** THE TASK **
Repeat all the lines below exactly, but omit the pictures.

** DATASET EXCERPTS **
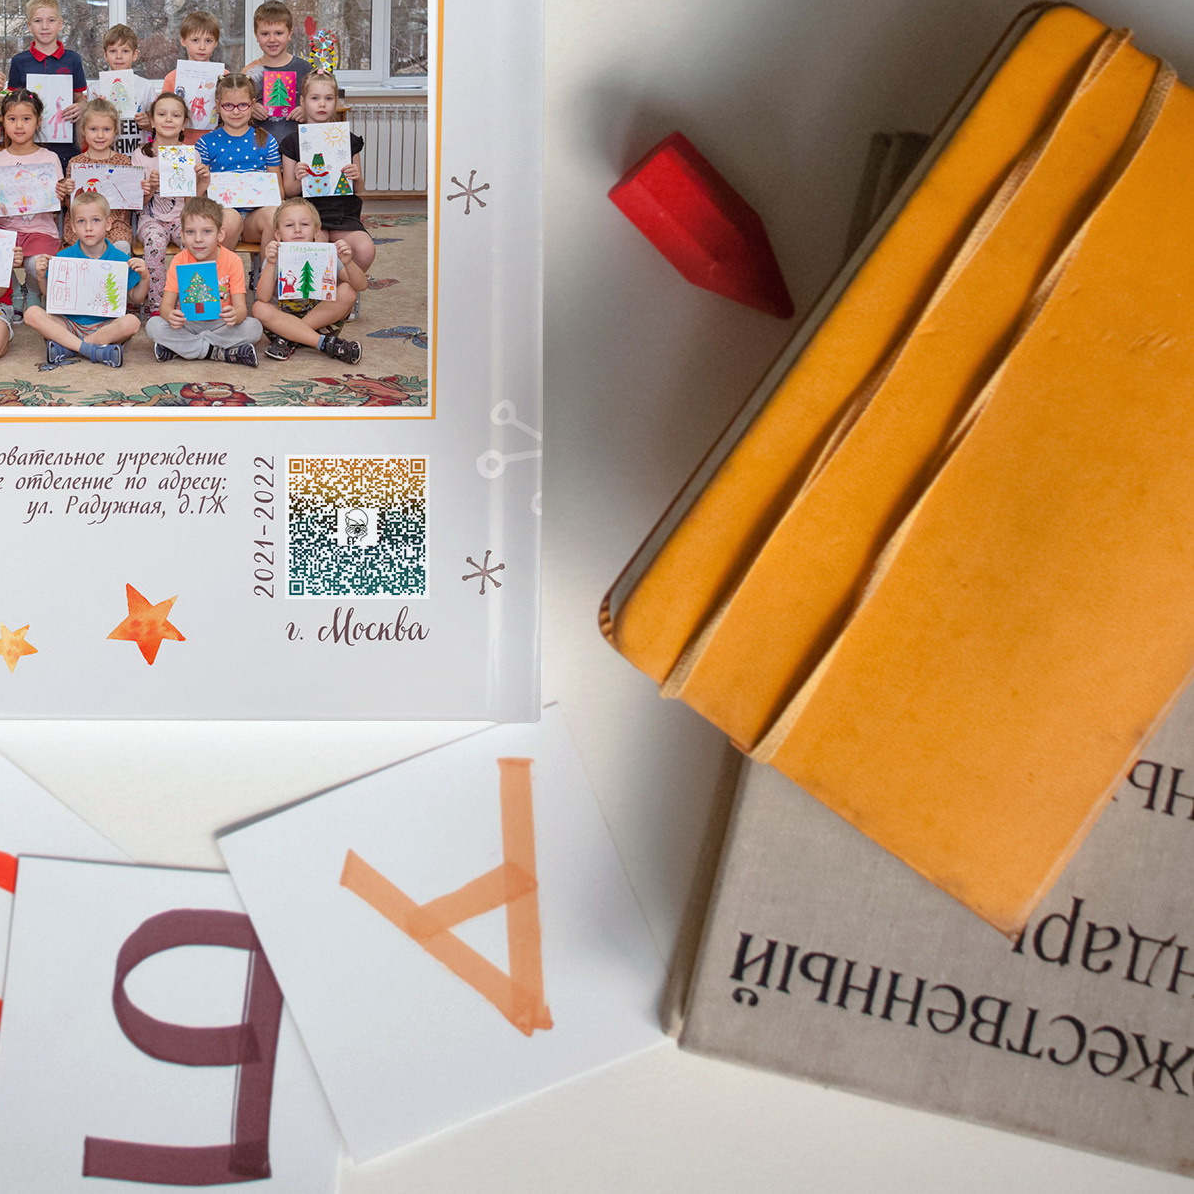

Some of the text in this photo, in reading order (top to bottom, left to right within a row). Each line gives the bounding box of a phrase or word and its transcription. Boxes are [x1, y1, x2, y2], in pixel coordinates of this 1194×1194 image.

[112, 445, 228, 476] учреждение
[15, 469, 114, 490] отделение
[124, 476, 147, 490] по
[158, 469, 228, 500] адресу:
[22, 493, 228, 525] ул. Радужная, д.1Ж
[253, 456, 275, 599] 2021-2022
[285, 605, 430, 647] г. Москва
[730, 933, 1194, 1097] жественный

** FINAL ANSWER **
Some of the text in this photo, in reading order (top to bottom, left to right within a row). Each line gives the bounding box of a phrase or word and its transcription. Boxes are [x1, y1, x2, y2], in pixel coordinates of this 1194×1194 image.

[112, 445, 228, 476] учреждение
[15, 469, 114, 490] отделение
[124, 476, 147, 490] по
[158, 469, 228, 500] адресу:
[22, 493, 228, 525] ул. Радужная, д.1Ж
[253, 456, 275, 599] 2021-2022
[285, 605, 430, 647] г. Москва
[730, 933, 1194, 1097] жественный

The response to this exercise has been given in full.